▸ The task
Could you please reproduce the entries exactly, leaving out any pictures?

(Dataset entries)
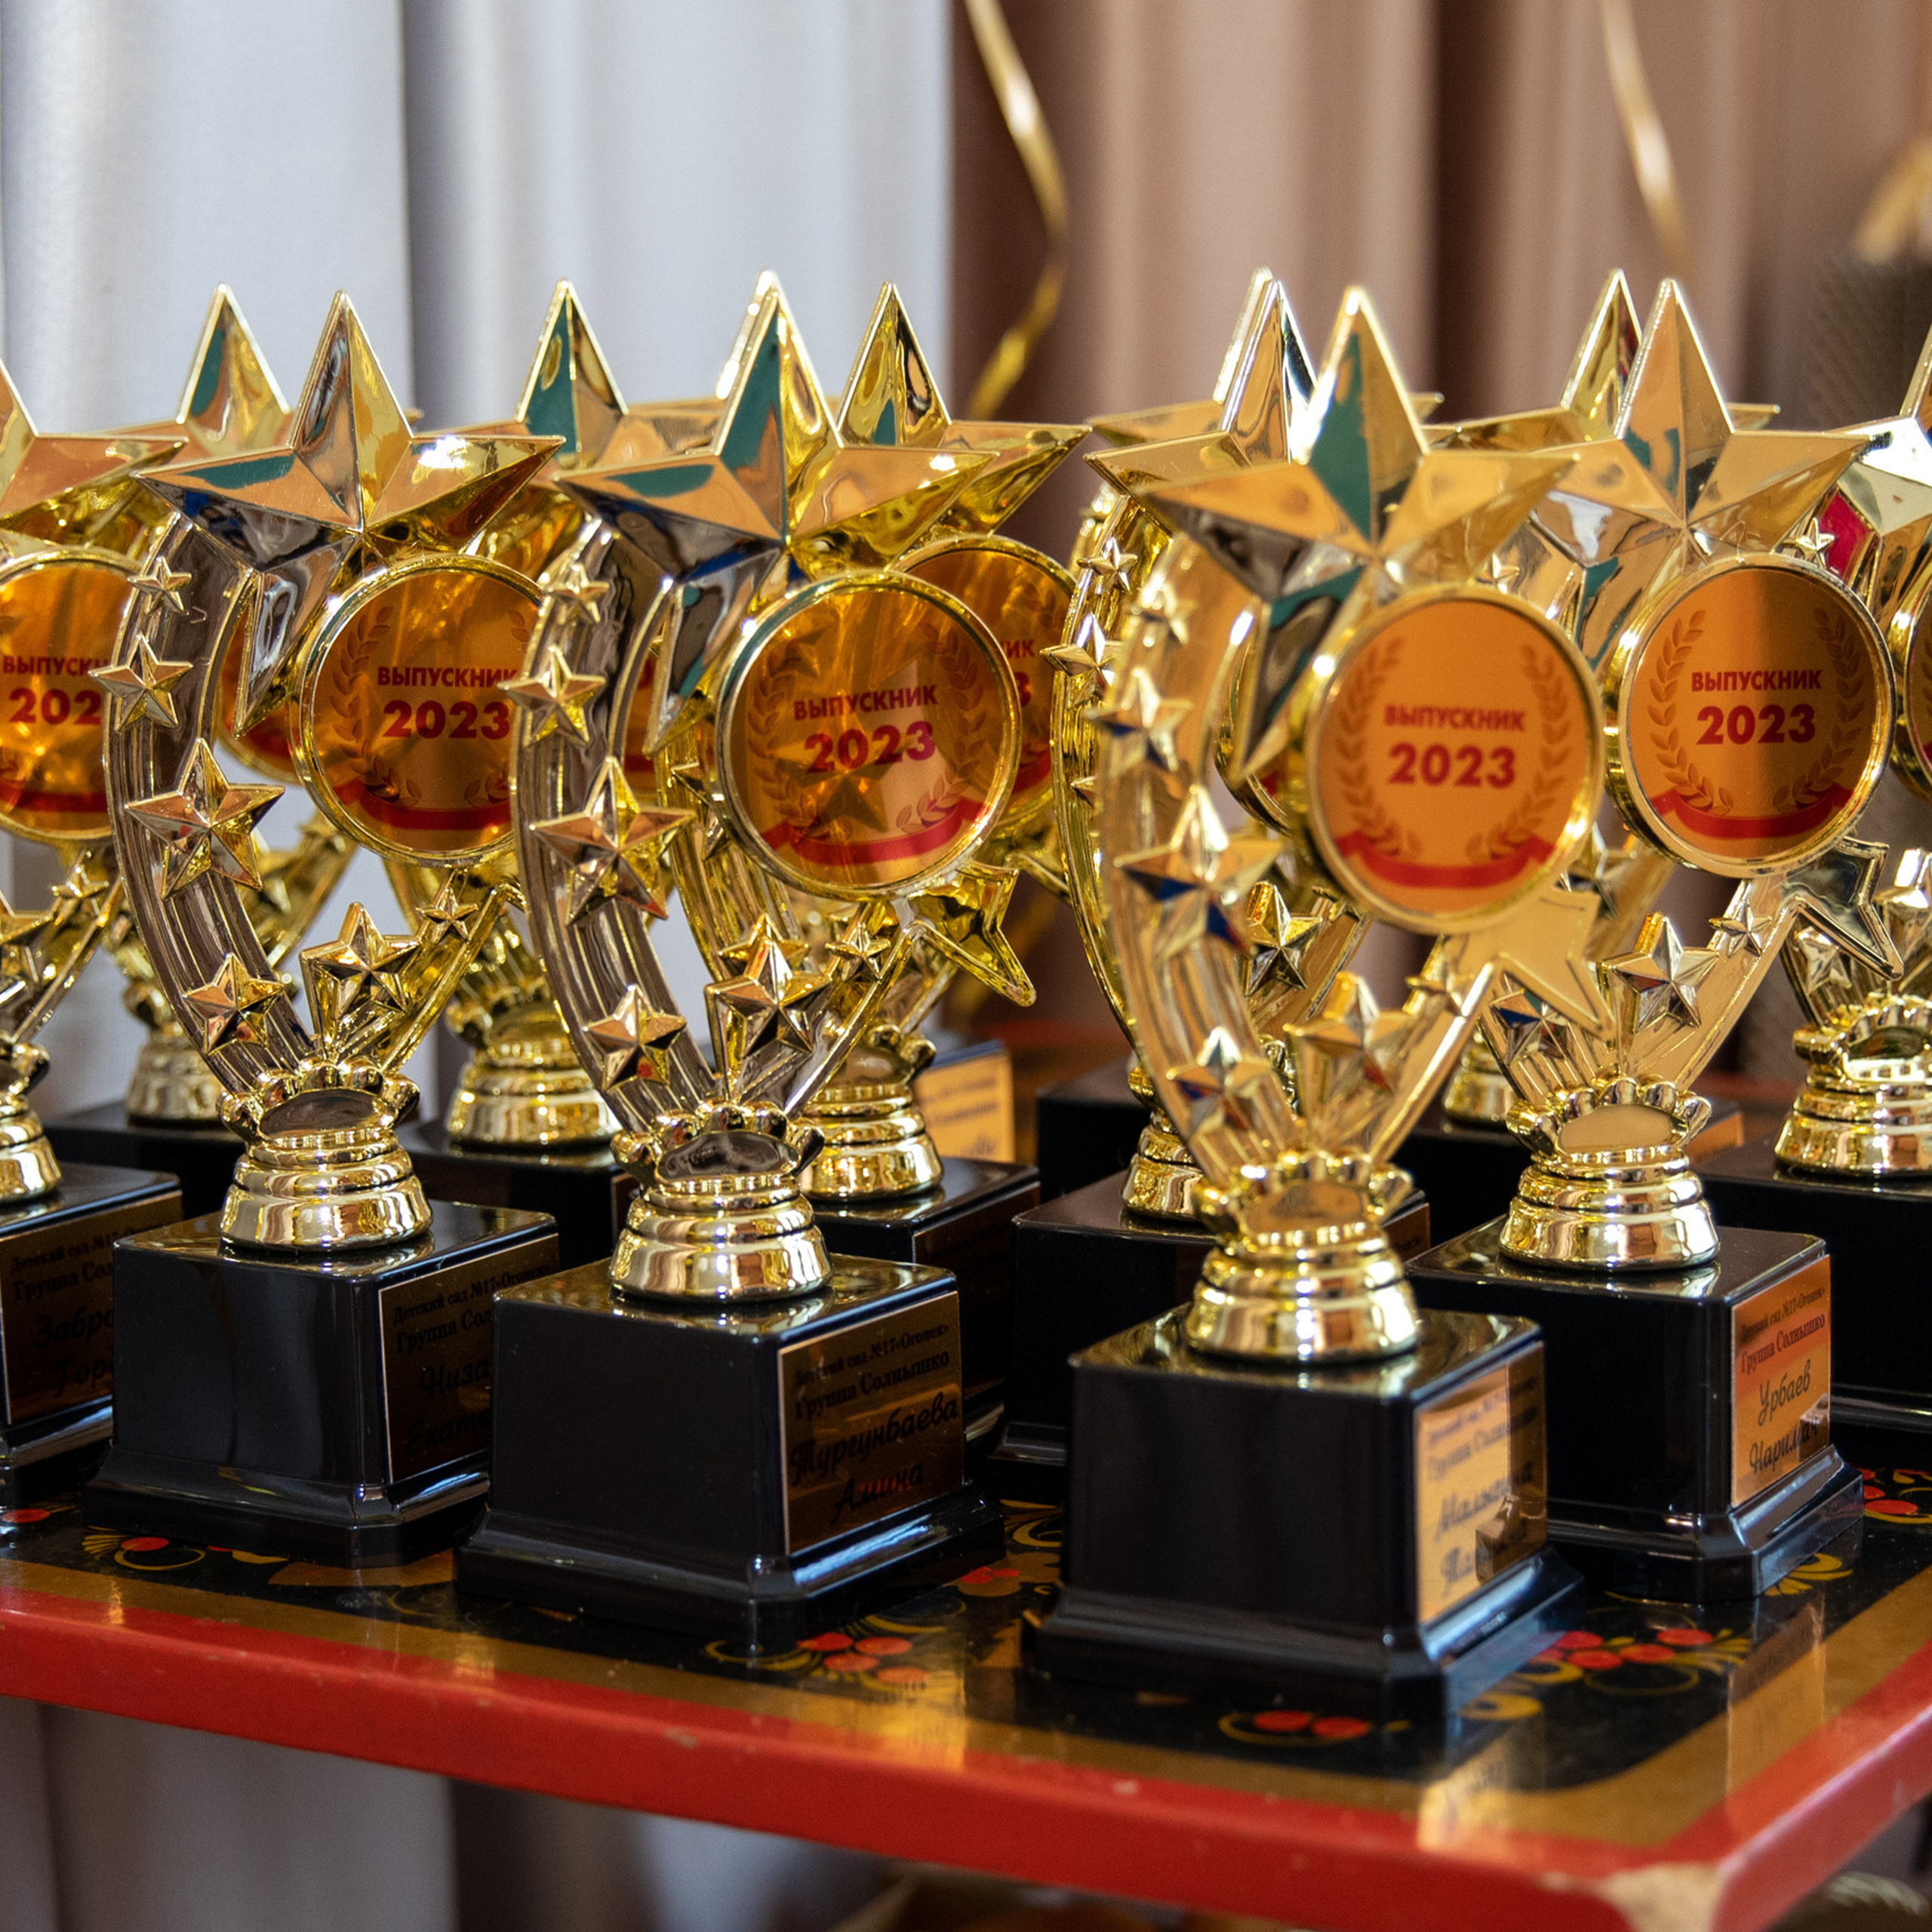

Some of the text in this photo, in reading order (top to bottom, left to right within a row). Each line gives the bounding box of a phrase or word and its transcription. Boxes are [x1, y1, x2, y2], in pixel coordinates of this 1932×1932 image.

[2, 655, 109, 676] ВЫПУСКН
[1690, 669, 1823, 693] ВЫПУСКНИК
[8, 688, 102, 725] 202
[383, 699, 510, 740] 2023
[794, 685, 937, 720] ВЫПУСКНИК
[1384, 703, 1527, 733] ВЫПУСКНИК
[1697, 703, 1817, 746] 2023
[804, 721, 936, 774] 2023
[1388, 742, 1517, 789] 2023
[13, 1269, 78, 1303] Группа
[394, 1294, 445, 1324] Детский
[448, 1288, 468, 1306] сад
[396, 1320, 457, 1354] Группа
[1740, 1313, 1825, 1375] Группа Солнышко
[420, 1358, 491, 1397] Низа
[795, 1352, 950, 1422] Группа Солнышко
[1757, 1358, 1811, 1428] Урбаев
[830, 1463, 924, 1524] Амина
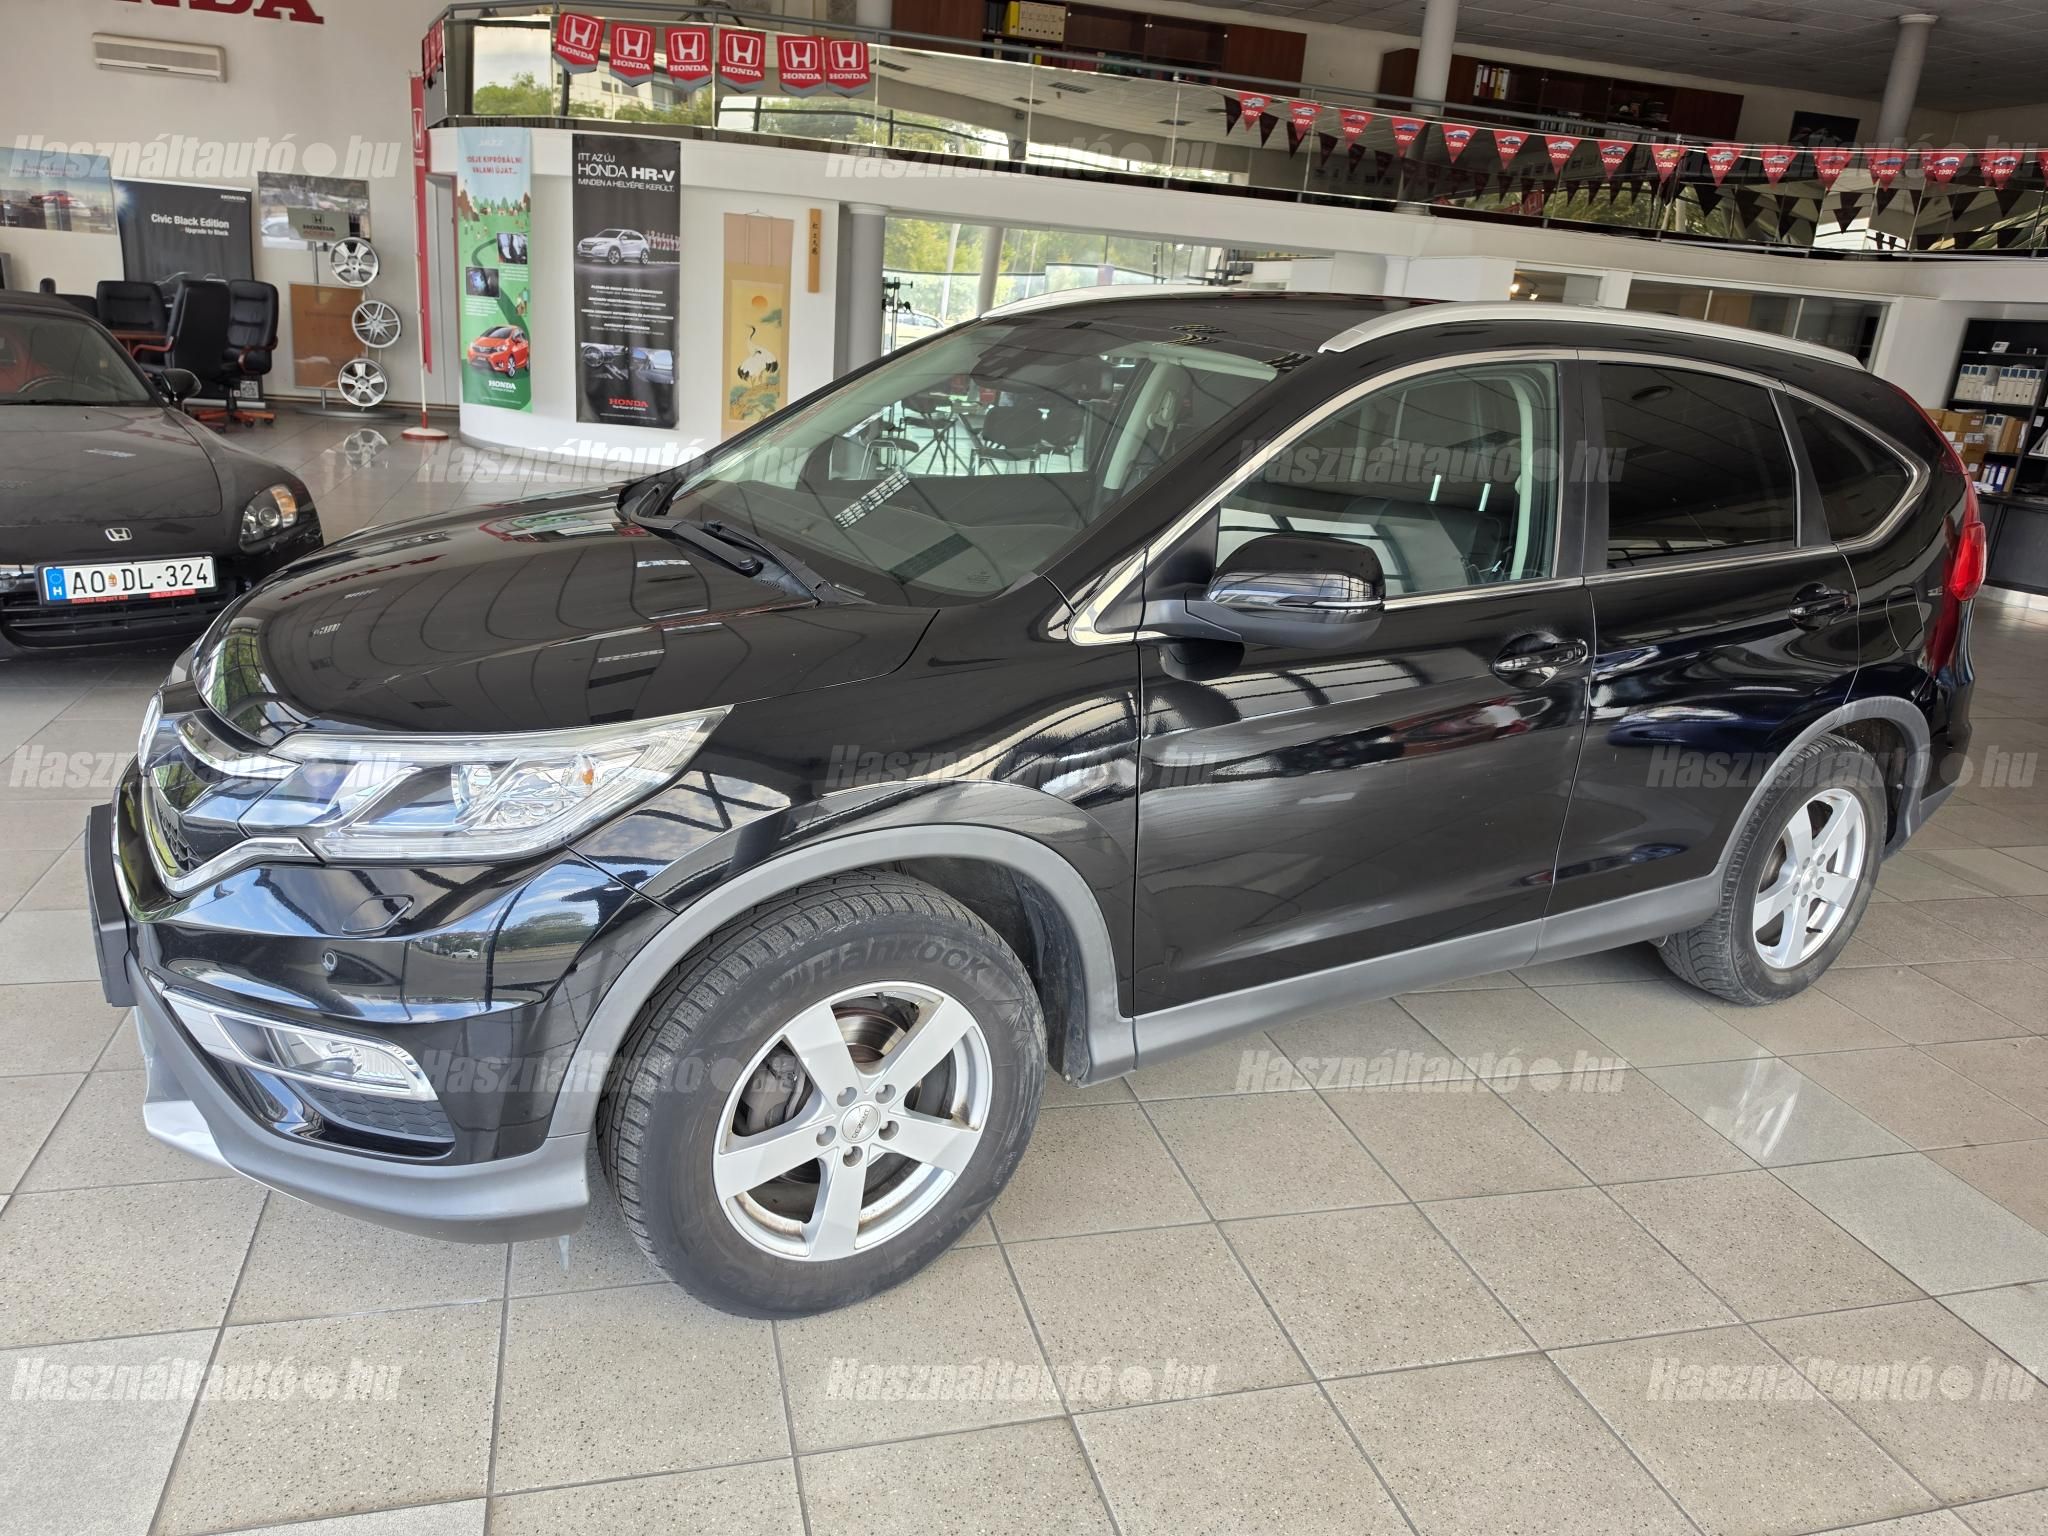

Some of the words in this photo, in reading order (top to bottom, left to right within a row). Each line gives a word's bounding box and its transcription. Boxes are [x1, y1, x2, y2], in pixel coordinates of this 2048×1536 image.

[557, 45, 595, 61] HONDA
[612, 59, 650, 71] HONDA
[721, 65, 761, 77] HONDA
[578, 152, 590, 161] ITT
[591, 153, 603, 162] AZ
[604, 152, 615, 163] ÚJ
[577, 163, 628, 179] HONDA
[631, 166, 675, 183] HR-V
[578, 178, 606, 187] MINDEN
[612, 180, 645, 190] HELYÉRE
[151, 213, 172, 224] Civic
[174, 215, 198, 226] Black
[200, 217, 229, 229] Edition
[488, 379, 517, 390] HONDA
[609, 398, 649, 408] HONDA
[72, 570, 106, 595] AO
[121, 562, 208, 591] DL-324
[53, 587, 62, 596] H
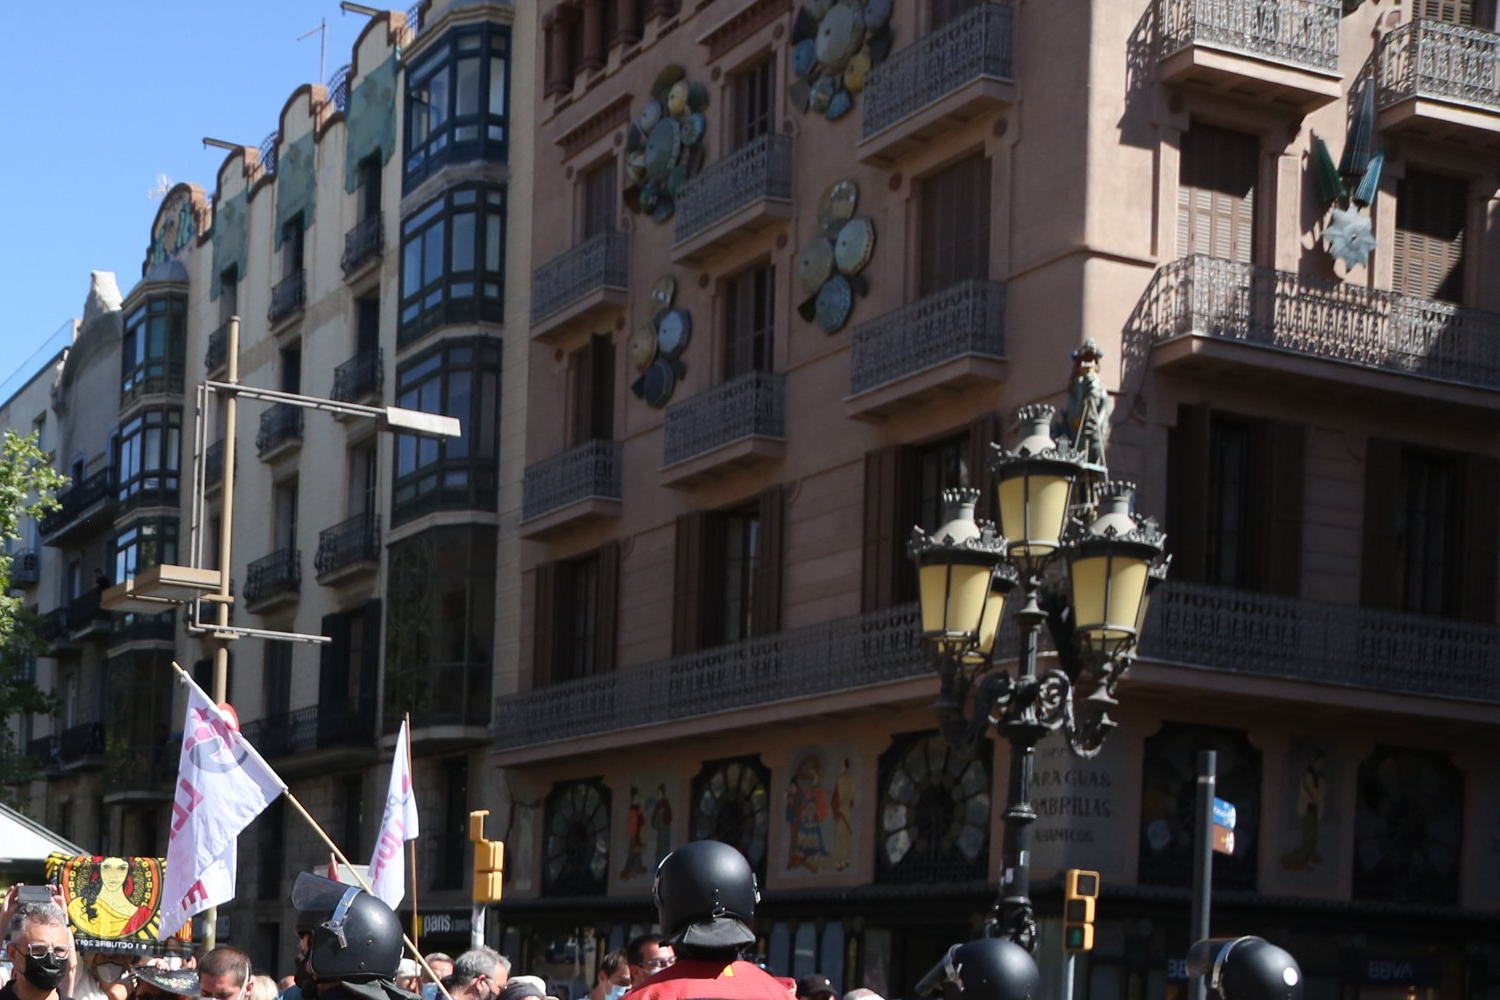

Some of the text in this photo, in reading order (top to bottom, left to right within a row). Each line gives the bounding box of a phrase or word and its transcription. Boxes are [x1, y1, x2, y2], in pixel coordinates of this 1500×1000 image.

▸ Answer for this exercise
Some of the text in this photo, in reading order (top to bottom, left to right within a row). Each line gives the bounding box of a phrase or word and its transcription. Boxes are [x1, y1, x2, y2], in pixel coordinates of this 1932×1932 image.

[2, 655, 109, 676] ВЫПУСКН
[1690, 669, 1823, 693] ВЫПУСКНИК
[8, 688, 102, 725] 202
[383, 699, 510, 740] 2023
[794, 685, 937, 720] ВЫПУСКНИК
[1384, 703, 1527, 733] ВЫПУСКНИК
[1697, 703, 1817, 746] 2023
[804, 721, 936, 774] 2023
[1388, 742, 1517, 789] 2023
[13, 1269, 78, 1303] Группа
[394, 1294, 445, 1324] Детский
[448, 1288, 468, 1306] сад
[396, 1320, 457, 1354] Группа
[1740, 1313, 1825, 1375] Группа Солнышко
[420, 1358, 491, 1397] Низа
[795, 1352, 950, 1422] Группа Солнышко
[1757, 1358, 1811, 1428] Урбаев
[830, 1463, 924, 1524] Амина

Some of the words in this photo, in reading order (top to bottom, left to right within a row). Each line gives a word's bounding box and its transcription. Boxes are [x1, y1, x2, y2], in pixel coordinates of this 2048×1536 image.

[557, 45, 595, 61] HONDA
[612, 59, 650, 71] HONDA
[721, 65, 761, 77] HONDA
[578, 152, 590, 161] ITT
[591, 153, 603, 162] AZ
[604, 152, 615, 163] ÚJ
[577, 163, 628, 179] HONDA
[631, 166, 675, 183] HR-V
[578, 178, 606, 187] MINDEN
[612, 180, 645, 190] HELYÉRE
[151, 213, 172, 224] Civic
[174, 215, 198, 226] Black
[200, 217, 229, 229] Edition
[488, 379, 517, 390] HONDA
[609, 398, 649, 408] HONDA
[72, 570, 106, 595] AO
[121, 562, 208, 591] DL-324
[53, 587, 62, 596] H

Some of the text in this photo, in reading order (top to bottom, left to right within a row). Each line gives the bounding box of a phrase or word and its transcription. Boxes are [x1, y1, x2, y2], in pixel coordinates of this 1500×1000 image.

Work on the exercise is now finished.